Ruscone’s eponymous Italian brand, LGR, is now celebrating ten years in the optical space and has built a company on versatility and brand loyalty, counting Prince William, Cristiano Ronaldo, and Gigi Hadid among its fans. CR recently caught up with Ruscone about the future of LGR and his take on constantly evolving sunglasses trends, including the recent phenomena of tiny frames.

Congratulations on ten years. How would you describe the aesthetic of LGR?
“It’s timeless. It is a piece of eyewear that you can wear today, in ten years time, or ten years ago. It has to be long-lasting not only in terms of durability, but also in terms of time. When we design and decide to approve a model, we always think long-term. Sometimes we also have to play and think sexy as a brand. You need to show a bit of your inner soul when you design, so sometimes we come up with maybe military-inspired frames with metal and side flaps with leather, which tell the story.
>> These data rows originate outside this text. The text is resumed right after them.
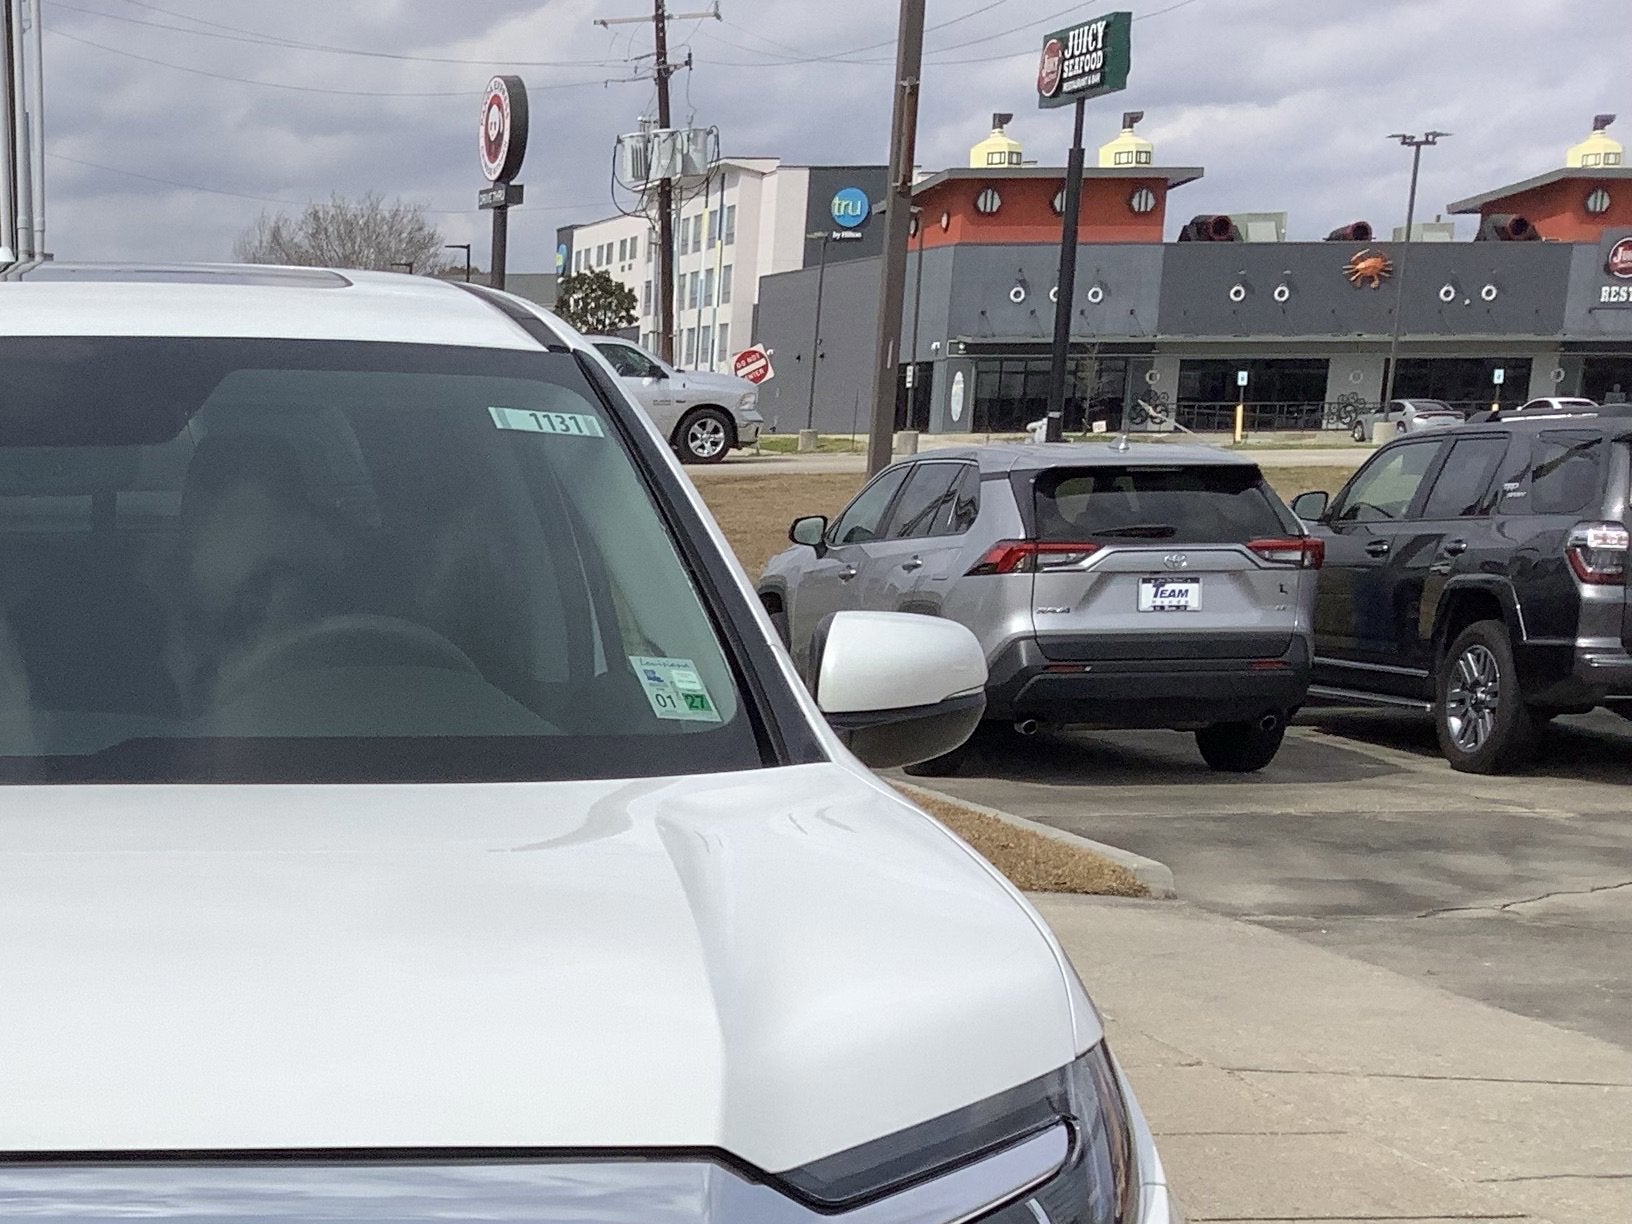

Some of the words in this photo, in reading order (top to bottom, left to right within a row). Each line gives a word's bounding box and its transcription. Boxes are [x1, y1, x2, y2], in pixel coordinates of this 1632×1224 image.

[1064, 20, 1107, 59] JUICY
[1063, 50, 1104, 78] SEAFOOD
[833, 195, 862, 216] tru
[529, 412, 583, 434] 1131
[1152, 581, 1189, 599] TEAM
[655, 693, 677, 709] 01
[684, 693, 706, 709] 27
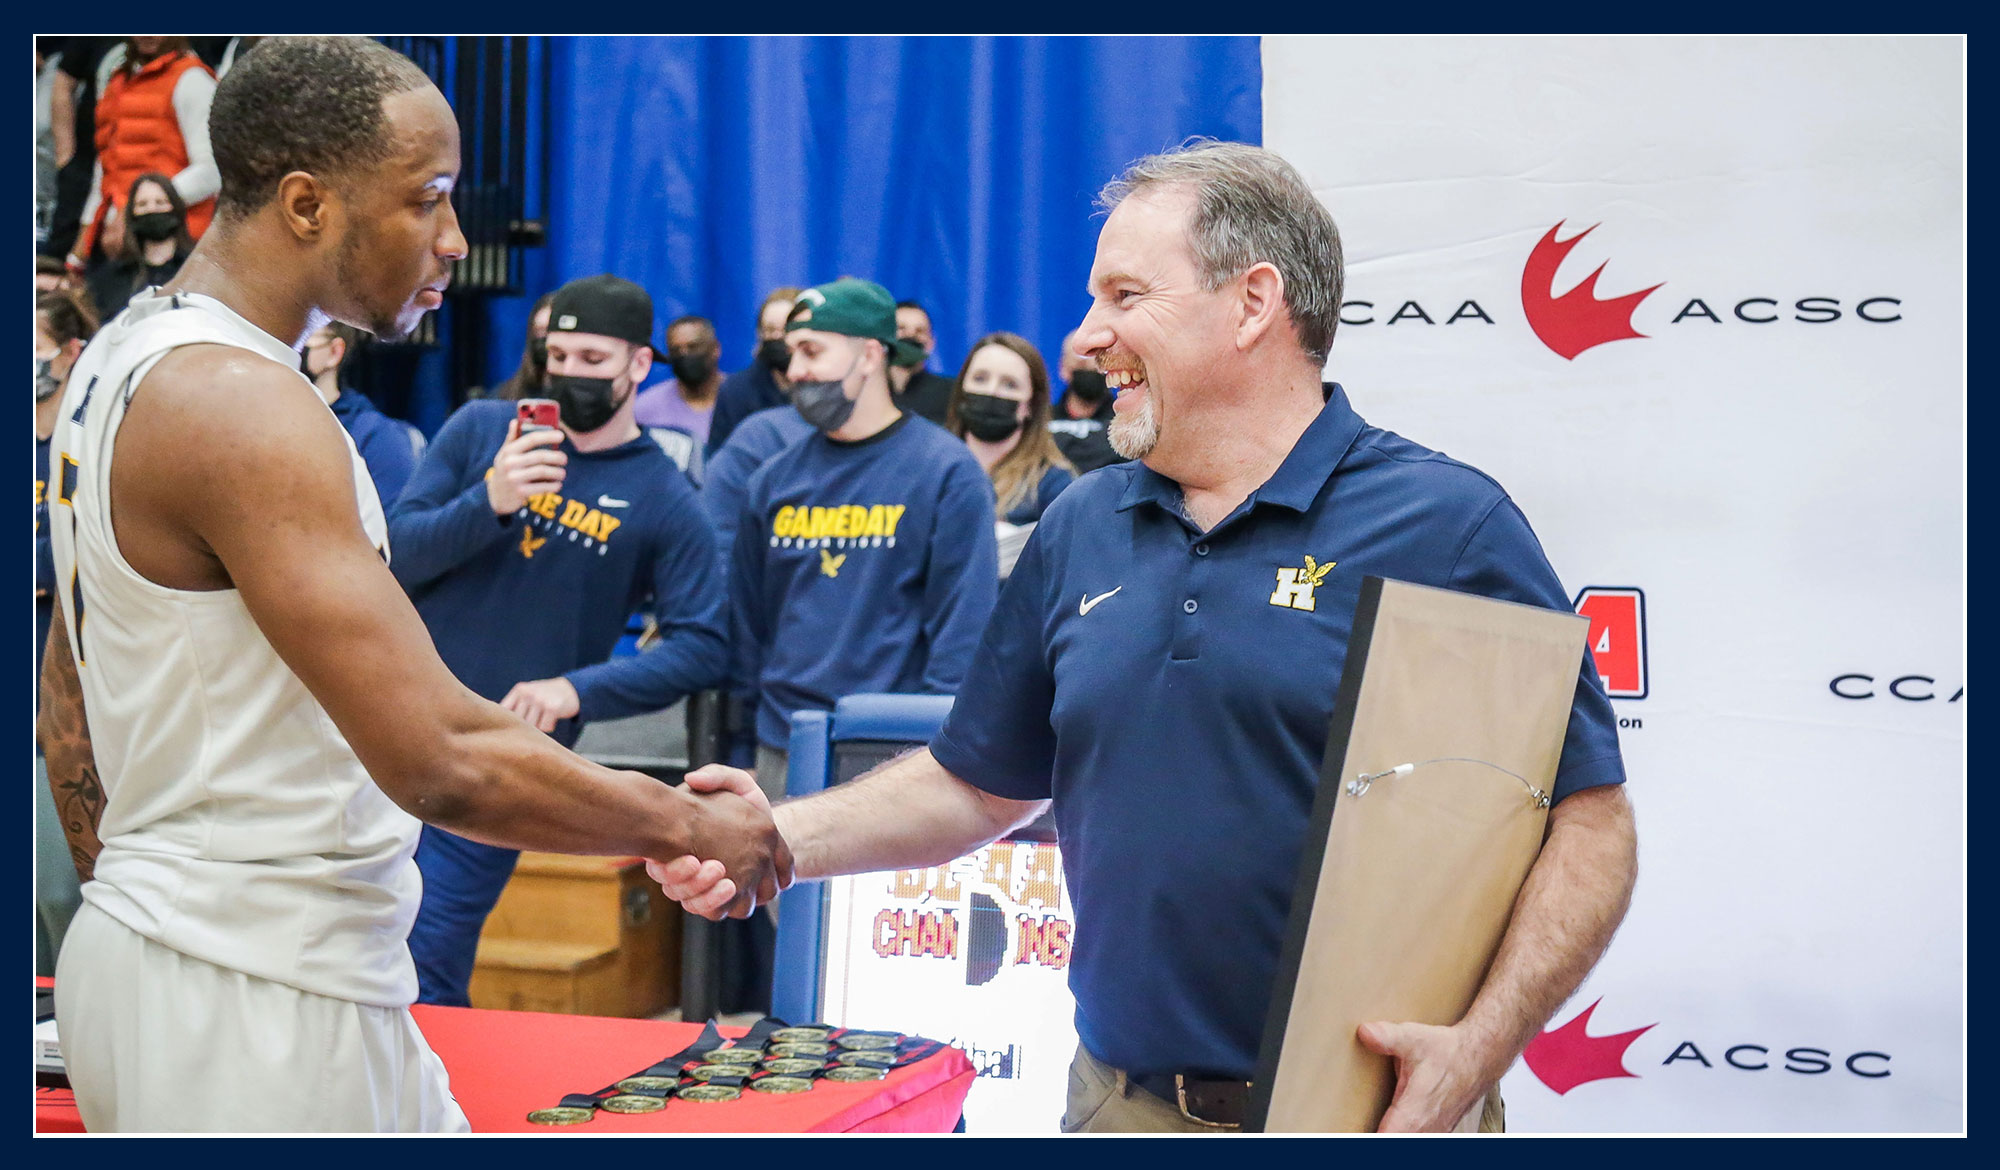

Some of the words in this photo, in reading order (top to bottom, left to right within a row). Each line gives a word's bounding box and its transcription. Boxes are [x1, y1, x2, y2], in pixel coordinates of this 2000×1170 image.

[1339, 300, 1495, 325] CAA
[1671, 297, 1902, 324] ACSC
[559, 498, 622, 542] DAY
[772, 503, 906, 539] GAMEDAY
[1573, 587, 1648, 699] A
[1614, 713, 1643, 729] on
[1661, 1041, 1892, 1079] ACSC
And for us, it’s telling our story about Africa and our inspiration, always combining the two: travel and adventure, with timeless elegance and quality.”

What’s your take on the tiny sunglasses trend?
“We have to take that into account to be contemporary. You always have to look at what other people are doing. That doesn’t mean that you follow them, but you have to be aware of where the market is going and what your competitors are doing. For that reason, we created the model Orchid, which is a thin, cat eye that can fit a 15-year-old girl or a 75-year-old woman. And that is the success of that model. This season, we presented it with leather inserts which contrast the color of acetate. It’s a stunning model which has a lot of success in Paris, and I’m sure people will talk about that model. But then we also have William wearing our classic, English aristocratic frames, but also Tom Cruise in Mission: Impossible.

How do you choose which trends to follow?
“To be honest, trends don’t really influence me. I feel there’s a ’80s, mask-like frame that is trending, but it’s not timeless. I don’t see people wearing them in ten years times. I always prefer to play it safe and to stay classic. I’m that type of guy and sometimes it’s a mistake because that limits me, but I always try to make glasses for myself, my family, and my close group of friends who usually consume classic types of eyewear. I see trends coming and going. This mask trend, I’m not convinced.”

Who do you see in your frames?
“I see from the young millennials who want to buy statement, European eyewear, but who don’t want to fall into the mass market. They are attentive-to-detail with a story to tell. It’s the young customer, but also the older, maybe with an aristocratic way of buying. For example, Europe doesn’t stand on line for new stuff. They don’t spend futilely; they’ll maybe spend three times the money to buy one pair of sunglasses rather than being famous brands that everybody owns. They want to differentiate themselves and don’t want anybody to know what they’re wearing.”

What’s next for LGR?
Every year we present the new optical collection which is very important because they sell more than sunglasses. We say a lot about fashion in our new models and this year, we experimented with new materials including titanium, which is everlasting. We are also investing more in retail and opened a shop in Milan. We also want to open one in our hometown in Italy, then Florence, and we’ll move to London, Paris, Madrid, Los Angeles, New York, and Miami.”